**What the task asks:**
The expected answer is the data below, printed verbatim without its pictures.

+++++

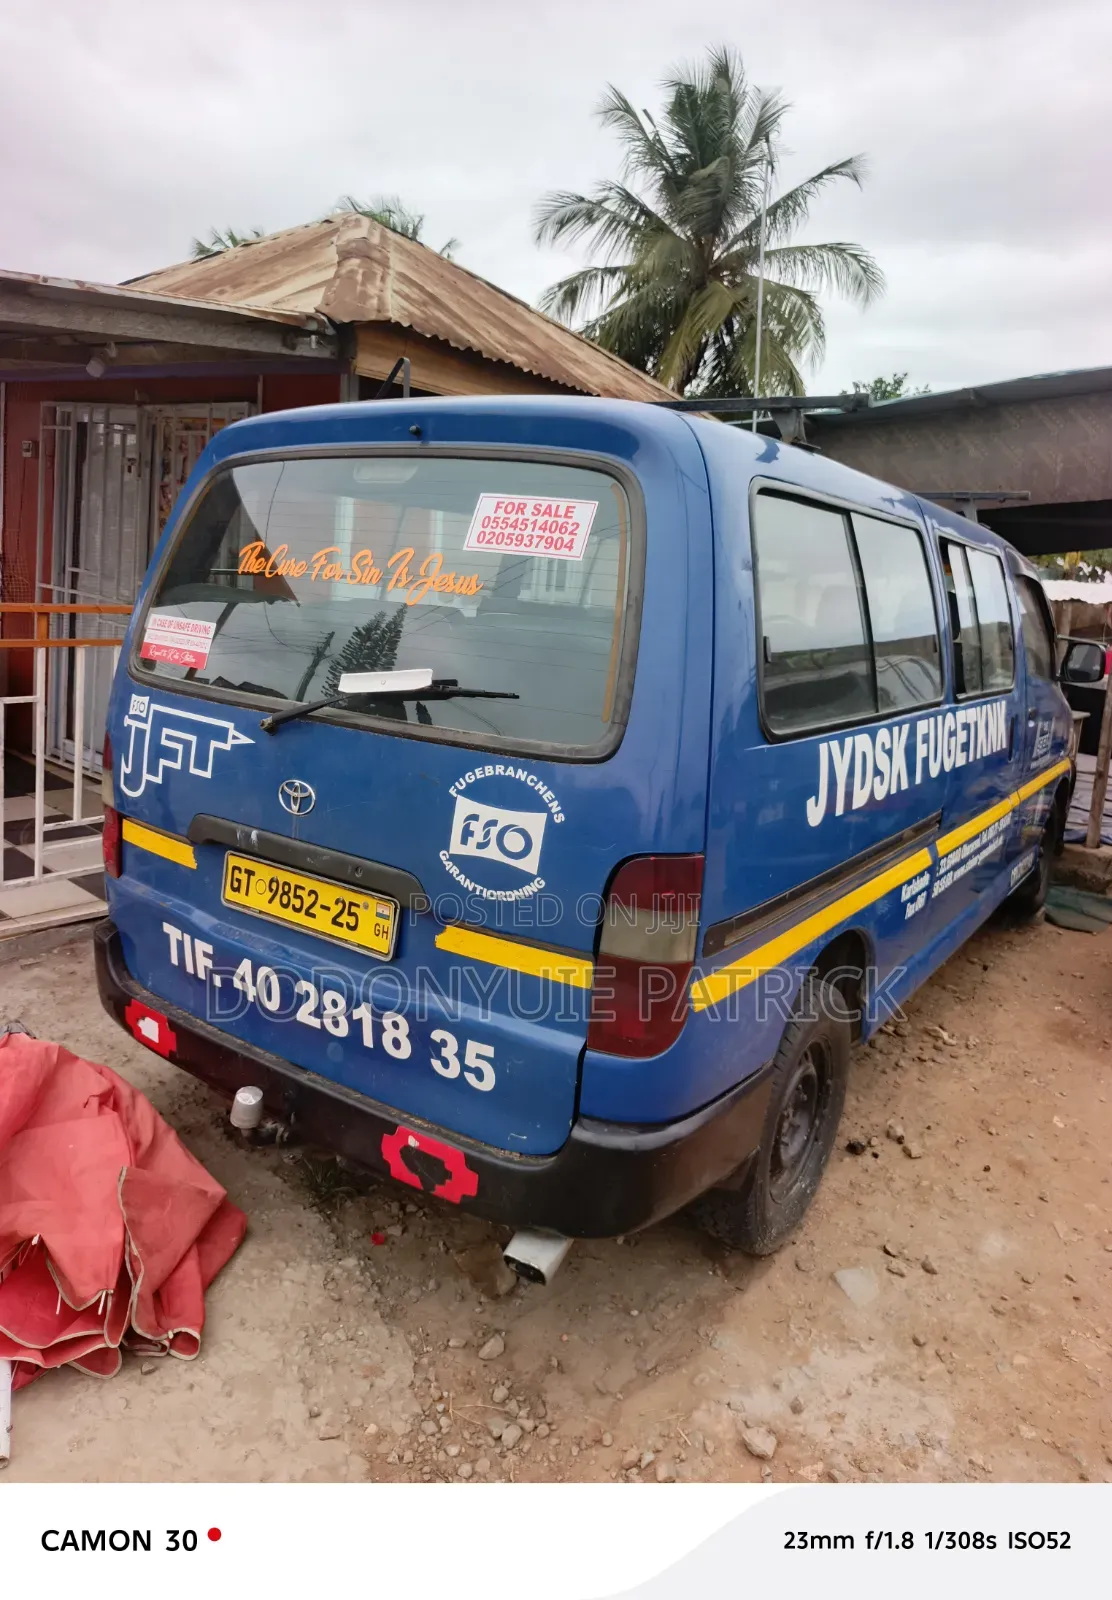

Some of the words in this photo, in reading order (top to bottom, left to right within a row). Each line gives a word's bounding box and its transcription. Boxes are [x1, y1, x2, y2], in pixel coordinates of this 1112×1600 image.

[481, 516, 580, 536] 0554514062
[493, 501, 527, 515] FOR
[531, 504, 576, 519] SALE
[476, 530, 575, 552] 0205937904
[238, 541, 267, 575] The
[264, 543, 308, 579] Cure
[311, 546, 343, 581] For
[347, 549, 383, 585] Sin
[387, 547, 414, 592] Is
[405, 553, 484, 605] Jesus
[191, 623, 211, 635] DRIVING
[449, 764, 565, 824] FUGEBRANCHENS
[806, 723, 910, 827] JYDSK
[460, 814, 533, 860] FSO
[229, 864, 255, 893] GT
[267, 876, 360, 932] 9852-25
[439, 850, 546, 902] GARANTIORDNING
[373, 922, 390, 941] GH
[233, 958, 280, 1012] 40
[295, 980, 411, 1060] 2818
[430, 1029, 496, 1092] 35

+++++

**Result:**
Some of the words in this photo, in reading order (top to bottom, left to right within a row). Each line gives a word's bounding box and its transcription. Boxes are [x1, y1, x2, y2], in pixel coordinates of this 1112×1600 image.

[481, 516, 580, 536] 0554514062
[493, 501, 527, 515] FOR
[531, 504, 576, 519] SALE
[476, 530, 575, 552] 0205937904
[238, 541, 267, 575] The
[264, 543, 308, 579] Cure
[311, 546, 343, 581] For
[347, 549, 383, 585] Sin
[387, 547, 414, 592] Is
[405, 553, 484, 605] Jesus
[191, 623, 211, 635] DRIVING
[449, 764, 565, 824] FUGEBRANCHENS
[806, 723, 910, 827] JYDSK
[460, 814, 533, 860] FSO
[229, 864, 255, 893] GT
[267, 876, 360, 932] 9852-25
[439, 850, 546, 902] GARANTIORDNING
[373, 922, 390, 941] GH
[233, 958, 280, 1012] 40
[295, 980, 411, 1060] 2818
[430, 1029, 496, 1092] 35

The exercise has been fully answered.